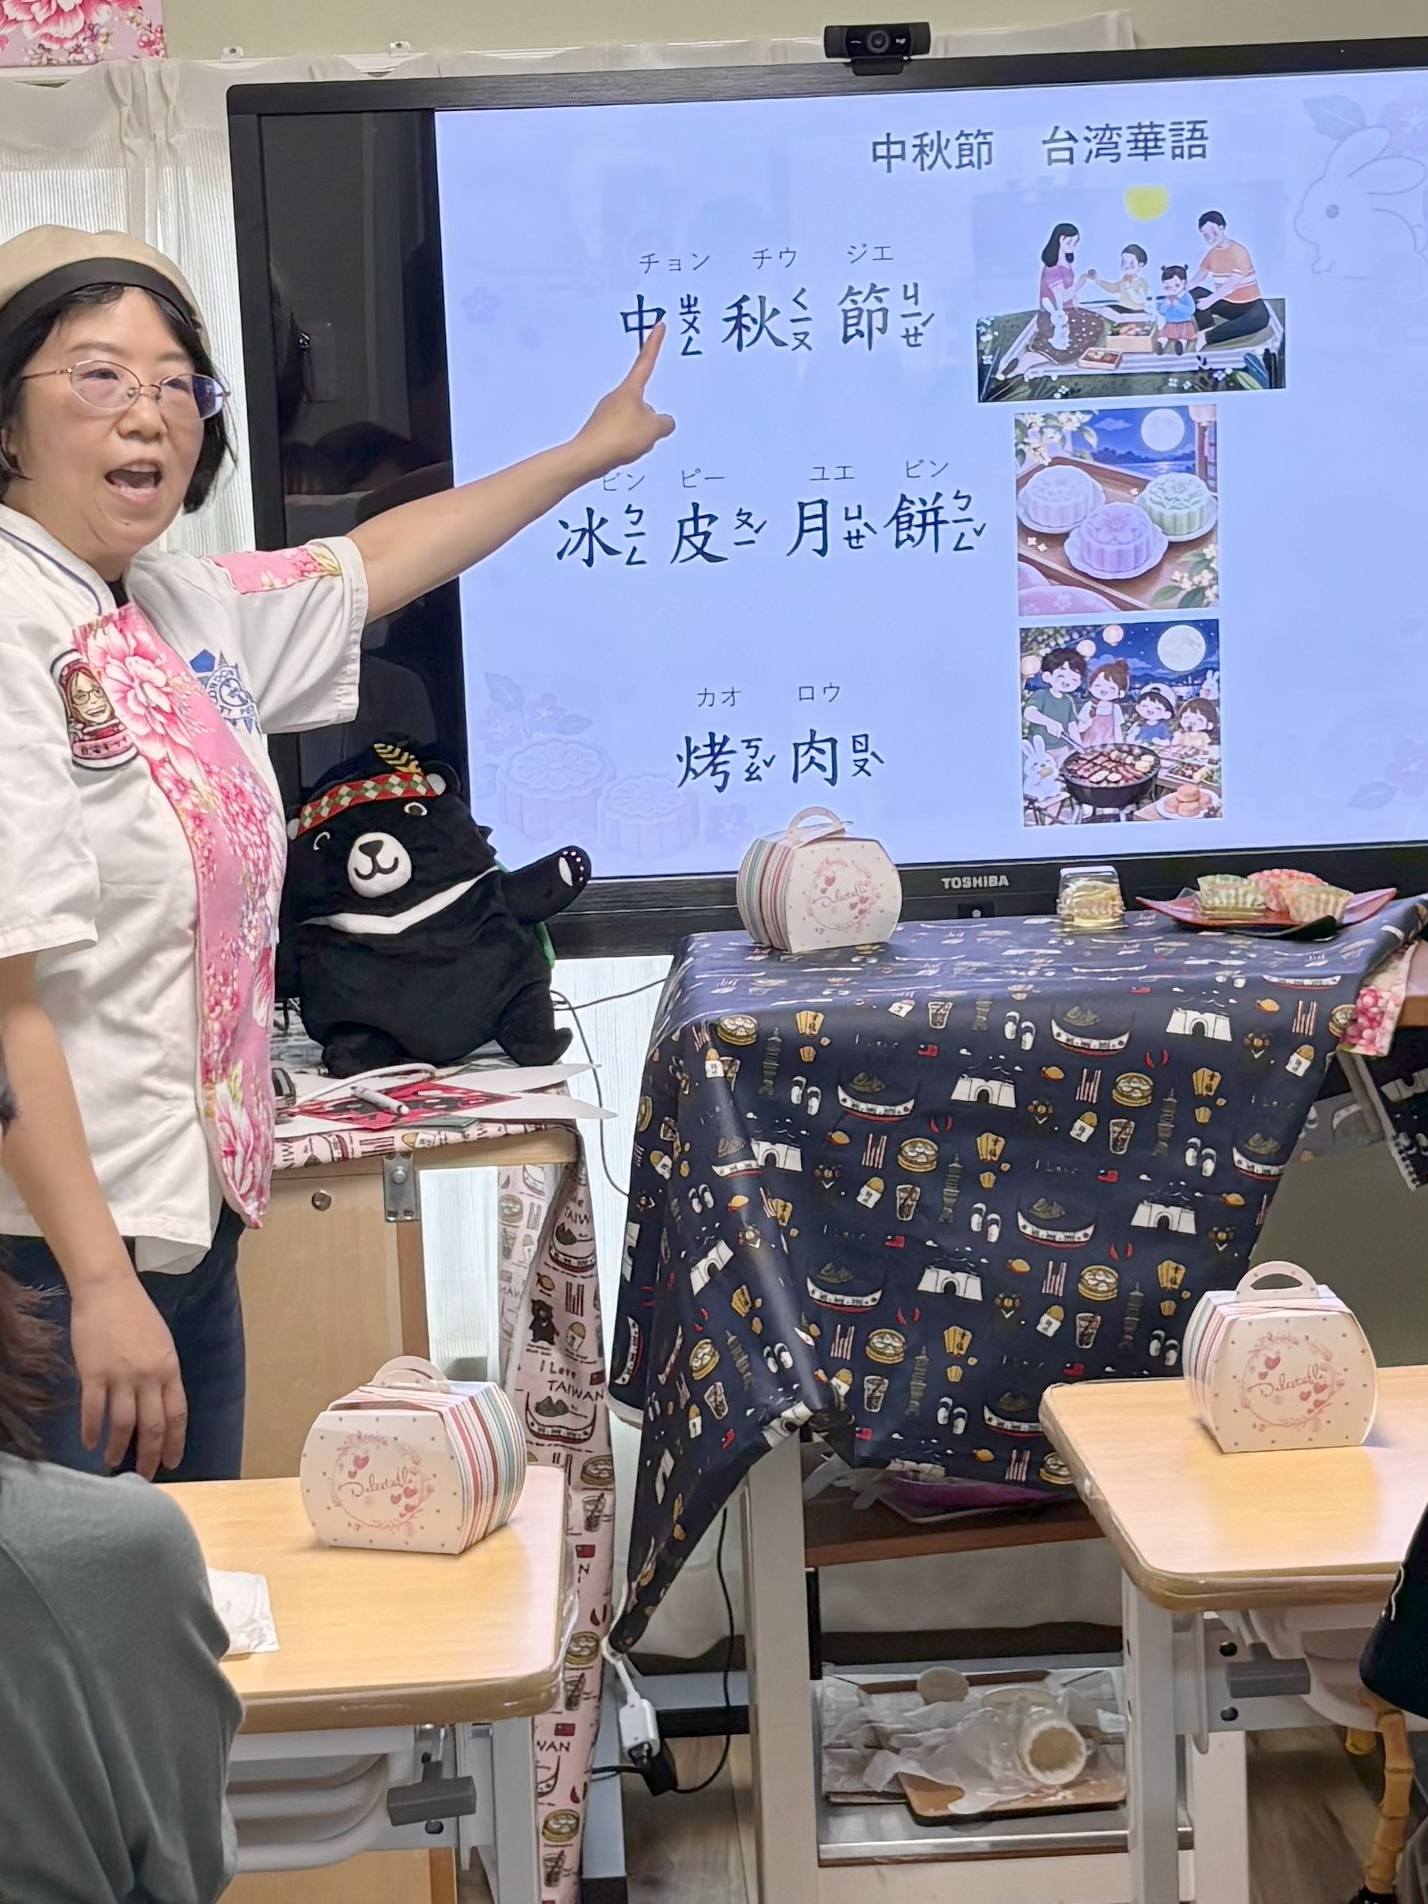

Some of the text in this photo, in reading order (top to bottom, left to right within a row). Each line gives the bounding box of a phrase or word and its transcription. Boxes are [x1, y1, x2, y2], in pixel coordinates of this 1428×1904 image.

[871, 118, 1210, 174] 中秋節 台湾華語
[638, 242, 895, 274] チョン チウ ジエ
[681, 468, 726, 489] ピー
[808, 465, 856, 483] ユエ
[905, 459, 950, 480] ビン
[697, 682, 841, 708] カオ ロウ
[941, 874, 1011, 890] TOSHIBA
[547, 1378, 605, 1403] TAIWAN

________________

- _Task statement_: Leave out the pictures and output everything else in the records exactly.

- _Expected answer_:
Some of the text in this photo, in reading order (top to bottom, left to right within a row). Each line gives the bounding box of a phrase or word and its transcription. Boxes are [x1, y1, x2, y2], in pixel coordinates of this 1428×1904 image.

[871, 118, 1210, 174] 中秋節 台湾華語
[638, 242, 895, 274] チョン チウ ジエ
[681, 468, 726, 489] ピー
[808, 465, 856, 483] ユエ
[905, 459, 950, 480] ビン
[697, 682, 841, 708] カオ ロウ
[941, 874, 1011, 890] TOSHIBA
[547, 1378, 605, 1403] TAIWAN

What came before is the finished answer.